RICO prosecutions live or die on one question: what’s the enterprise? Without an enterprise, there’s no RICO charge—no matter how many crimes prosecutors claim you committed. The government can’t just point at criminal activity and call it RICO. They need to show an organizational structure, even if that structure is loose, informal, or temporary.

The Statutory Definition Is Broader Than You Think

18 USC 1961(4) defines enterprise as “any individual, partnership, corporation, association, or other legal entity, and any union or group of individuals associated in fact although not a legal entity.” That’s a deliberately expansive definition. Congress wanted RICO to reach both legitimate businesses engaged in criminal activity and purely criminal organizations with no legal structure whatsoever.
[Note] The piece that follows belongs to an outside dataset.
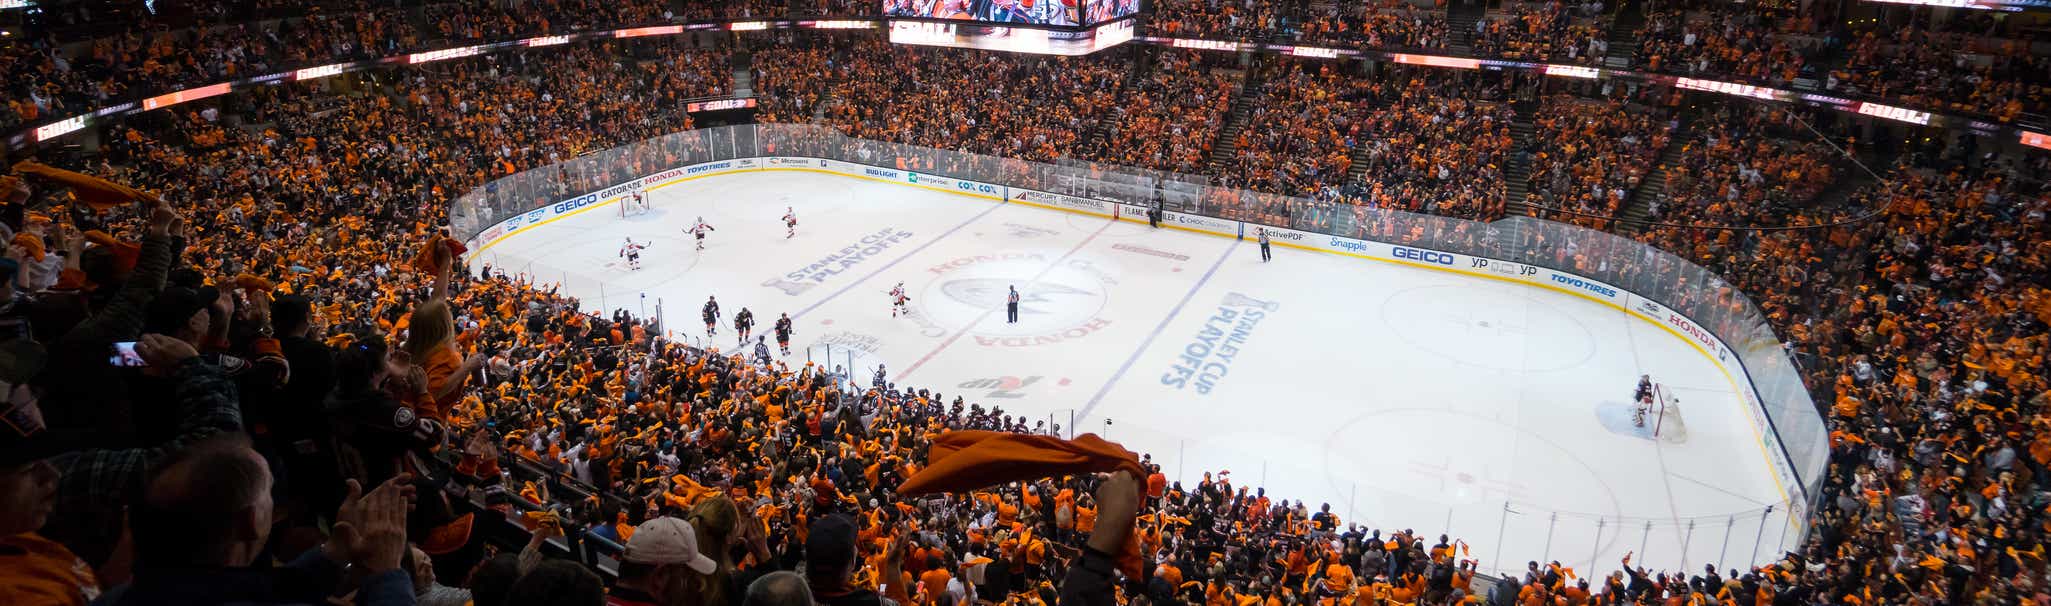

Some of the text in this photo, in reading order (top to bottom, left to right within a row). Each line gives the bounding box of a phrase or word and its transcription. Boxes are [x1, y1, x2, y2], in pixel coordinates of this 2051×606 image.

Legitimate corporations can be RICO enterprises. Street gangs can be RICO enterprises. Corrupt police departments can be RICO enterprises. Even a loose group of people who coordinate criminal activity without any formal organization—that’s an enterprise under the association-in-fact doctrine.

You don’t need bylaws, incorporation papers, or membership rolls. You don’t need a name or hierarchy or regular meetings. Federal prosecutors have used RICO against drug cartels, corrupt politicians rigging contracts, and street gangs with members who’ve never met but follow orders from imprisoned leaders.

In 2025, the FBI arrested multiple members of the Rancho San Pedro gang in California on RICO charges. The enterprise? A multi-generational gang with roughly 500 members split into six “cliques,” operating under orders from Mexican Mafia members locked up in state prisons. The incarcerated leaders gave orders about tax collection, drug distribution, firearm transfers, and gang positions—all from behind bars. That’s an association-in-fact enterprise. No corporate charter required.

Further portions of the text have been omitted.